Start of Given entries

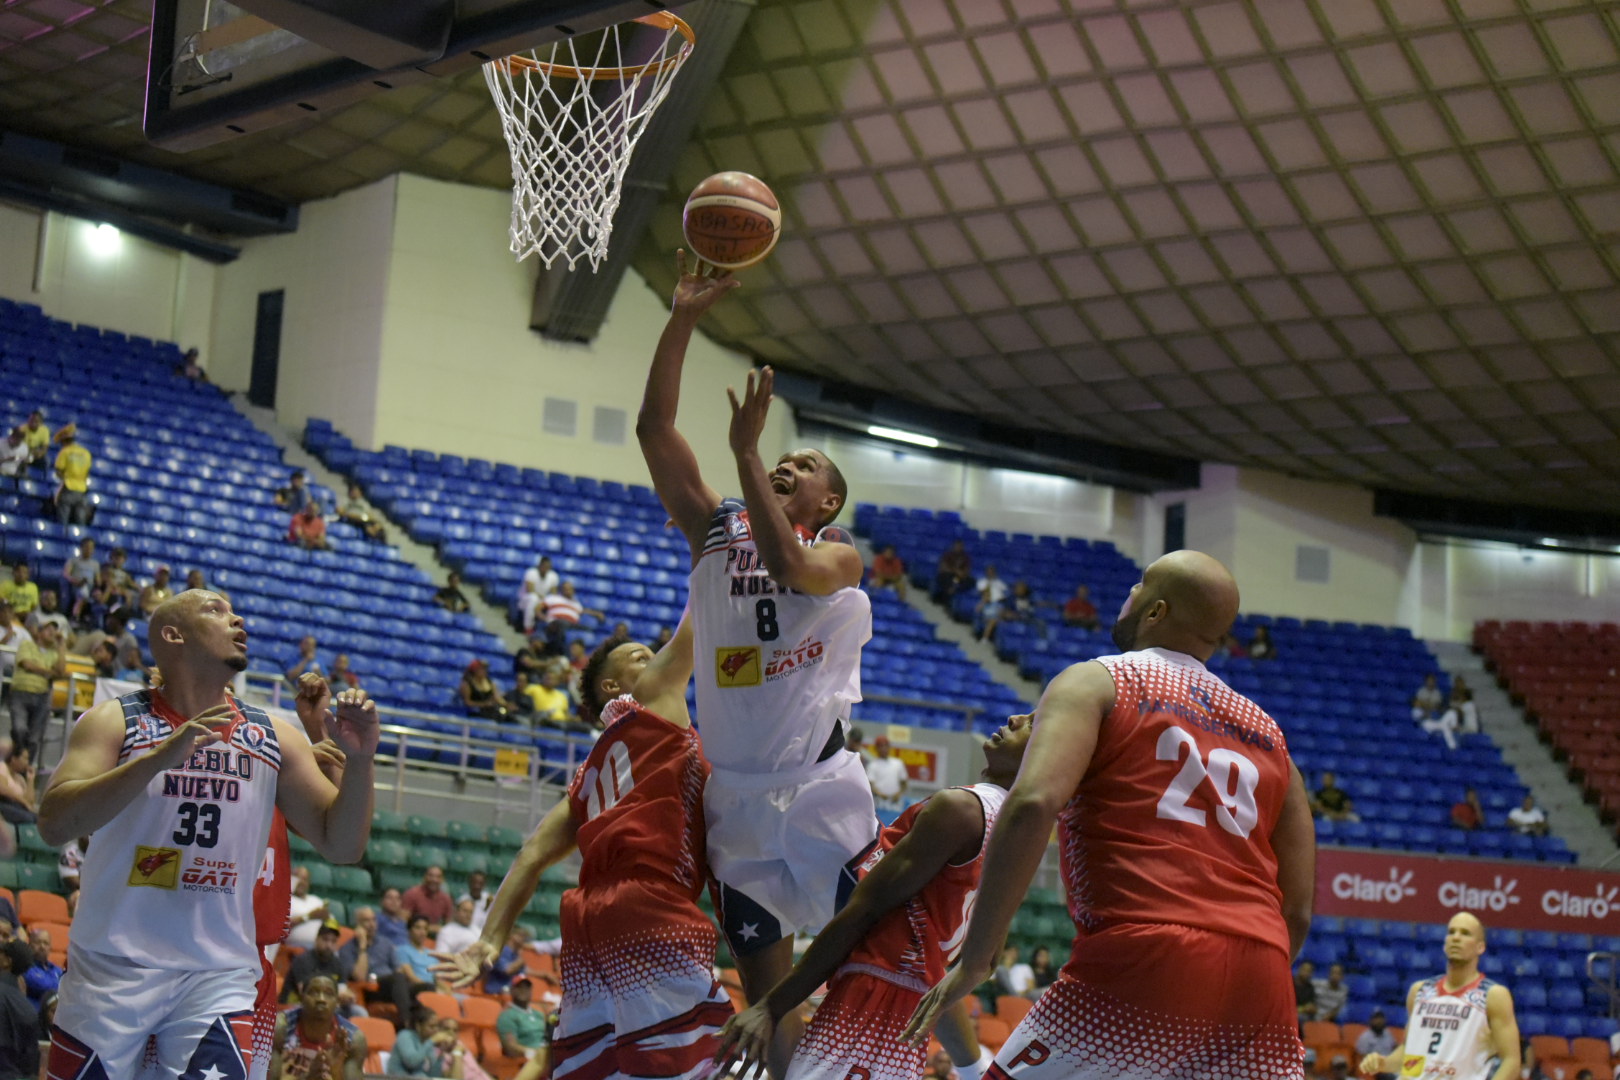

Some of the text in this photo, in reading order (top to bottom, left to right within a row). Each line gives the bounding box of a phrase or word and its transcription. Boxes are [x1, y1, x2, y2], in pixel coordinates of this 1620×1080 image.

[756, 598, 779, 641] 8
[766, 656, 824, 682] MOTORCYCLES
[174, 749, 253, 780] EBLO
[162, 773, 240, 802] NUEVO
[578, 741, 635, 821] 10
[1156, 726, 1259, 839] 29
[173, 802, 221, 848] 33
[193, 856, 237, 869] Supe
[183, 884, 236, 894] MOTORCYCL
[1332, 871, 1405, 903] Claro
[1438, 880, 1508, 911] Claro
[1541, 888, 1610, 919] Claro
[1417, 1002, 1472, 1019] PUEBLO
[1421, 1017, 1460, 1030] NUEVO
[1428, 1032, 1442, 1054] 2

End of Given entries

__Work to be completed__
All entries are to be retyped exactly. Omit any embedded images.

__Answer below__
Some of the text in this photo, in reading order (top to bottom, left to right within a row). Each line gives the bounding box of a phrase or word and its transcription. Boxes are [x1, y1, x2, y2], in pixel coordinates of this 1620×1080 image.

[756, 598, 779, 641] 8
[766, 656, 824, 682] MOTORCYCLES
[174, 749, 253, 780] EBLO
[162, 773, 240, 802] NUEVO
[578, 741, 635, 821] 10
[1156, 726, 1259, 839] 29
[173, 802, 221, 848] 33
[193, 856, 237, 869] Supe
[183, 884, 236, 894] MOTORCYCL
[1332, 871, 1405, 903] Claro
[1438, 880, 1508, 911] Claro
[1541, 888, 1610, 919] Claro
[1417, 1002, 1472, 1019] PUEBLO
[1421, 1017, 1460, 1030] NUEVO
[1428, 1032, 1442, 1054] 2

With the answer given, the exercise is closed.